§ **TASK INSTRUCTIONS**
This task calls for every entry below to be repeated exactly, without the pictures.

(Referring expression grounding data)

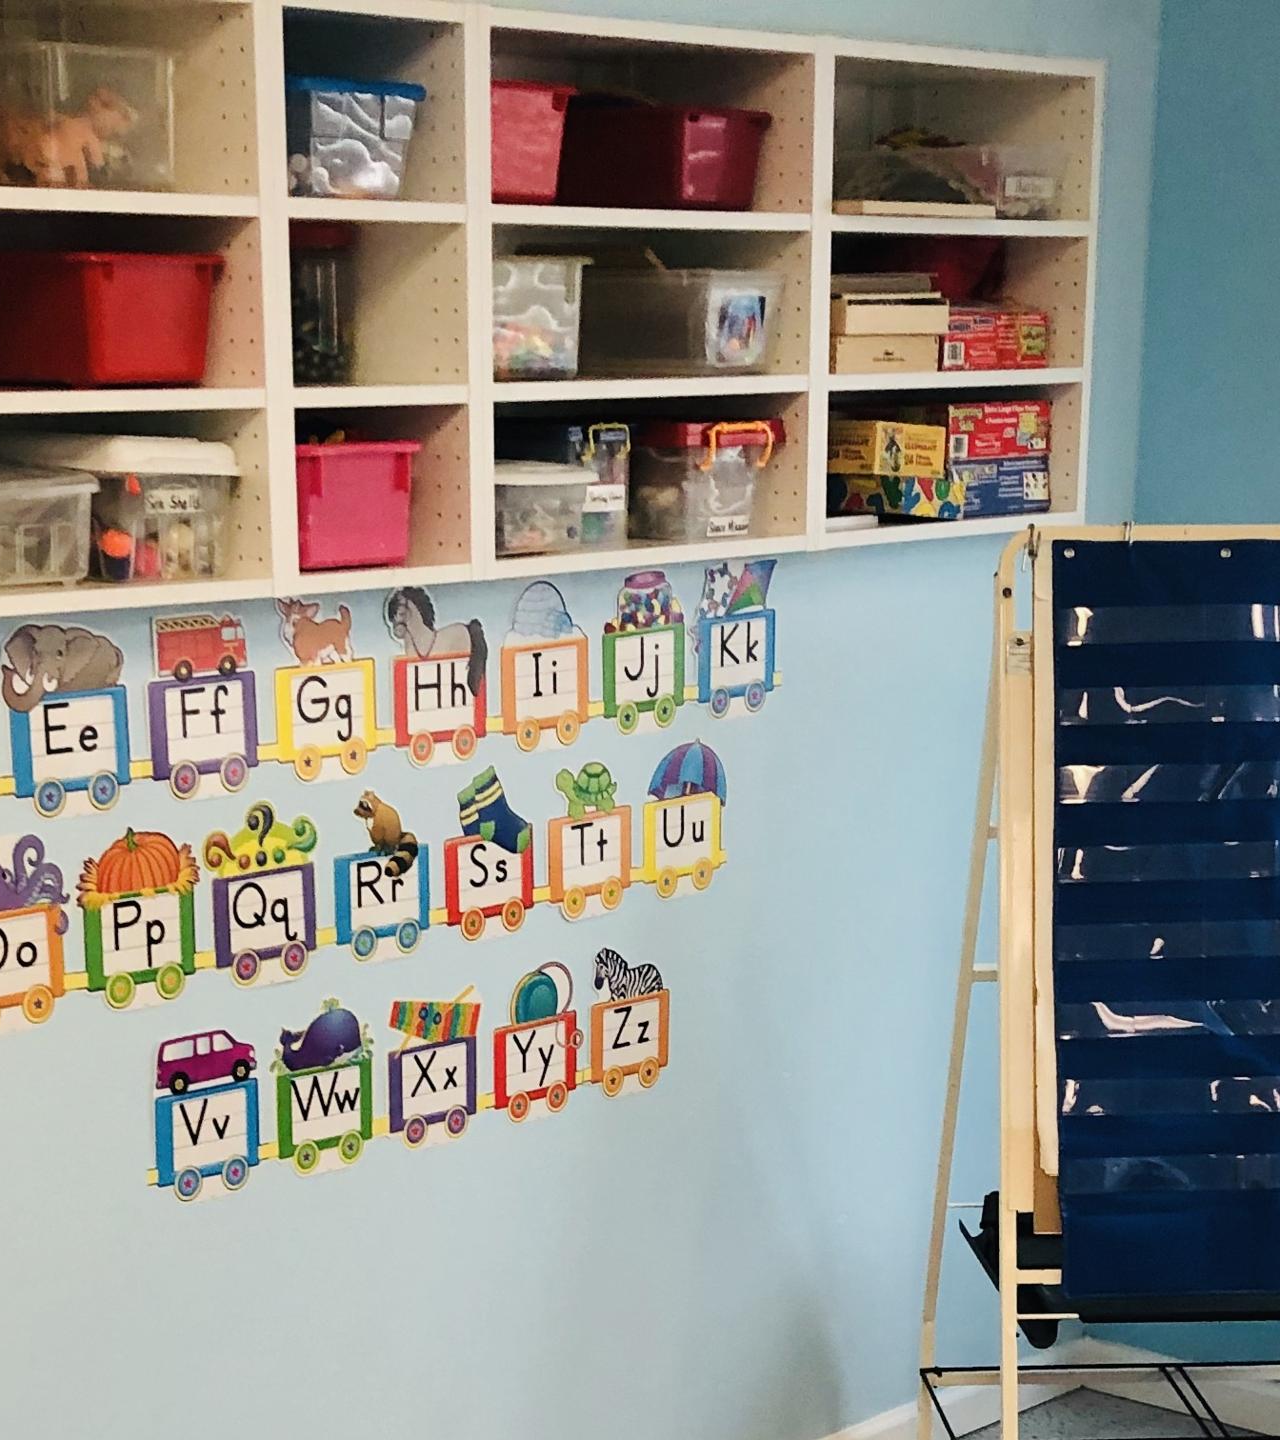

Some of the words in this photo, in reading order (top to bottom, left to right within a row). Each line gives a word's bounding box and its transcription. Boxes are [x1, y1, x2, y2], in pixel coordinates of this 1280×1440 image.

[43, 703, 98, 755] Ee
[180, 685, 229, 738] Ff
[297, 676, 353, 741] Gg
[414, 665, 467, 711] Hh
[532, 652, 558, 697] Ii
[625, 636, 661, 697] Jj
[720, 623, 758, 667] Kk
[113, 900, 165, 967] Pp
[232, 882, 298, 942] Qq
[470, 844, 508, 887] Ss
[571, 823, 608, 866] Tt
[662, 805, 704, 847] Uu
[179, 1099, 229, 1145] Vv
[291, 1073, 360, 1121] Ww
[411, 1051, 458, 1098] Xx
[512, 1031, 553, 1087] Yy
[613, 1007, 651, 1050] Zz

§ **WORKED SOLUTION**
Some of the words in this photo, in reading order (top to bottom, left to right within a row). Each line gives a word's bounding box and its transcription. Boxes are [x1, y1, x2, y2], in pixel coordinates of this 1280×1440 image.

[43, 703, 98, 755] Ee
[180, 685, 229, 738] Ff
[297, 676, 353, 741] Gg
[414, 665, 467, 711] Hh
[532, 652, 558, 697] Ii
[625, 636, 661, 697] Jj
[720, 623, 758, 667] Kk
[113, 900, 165, 967] Pp
[232, 882, 298, 942] Qq
[470, 844, 508, 887] Ss
[571, 823, 608, 866] Tt
[662, 805, 704, 847] Uu
[179, 1099, 229, 1145] Vv
[291, 1073, 360, 1121] Ww
[411, 1051, 458, 1098] Xx
[512, 1031, 553, 1087] Yy
[613, 1007, 651, 1050] Zz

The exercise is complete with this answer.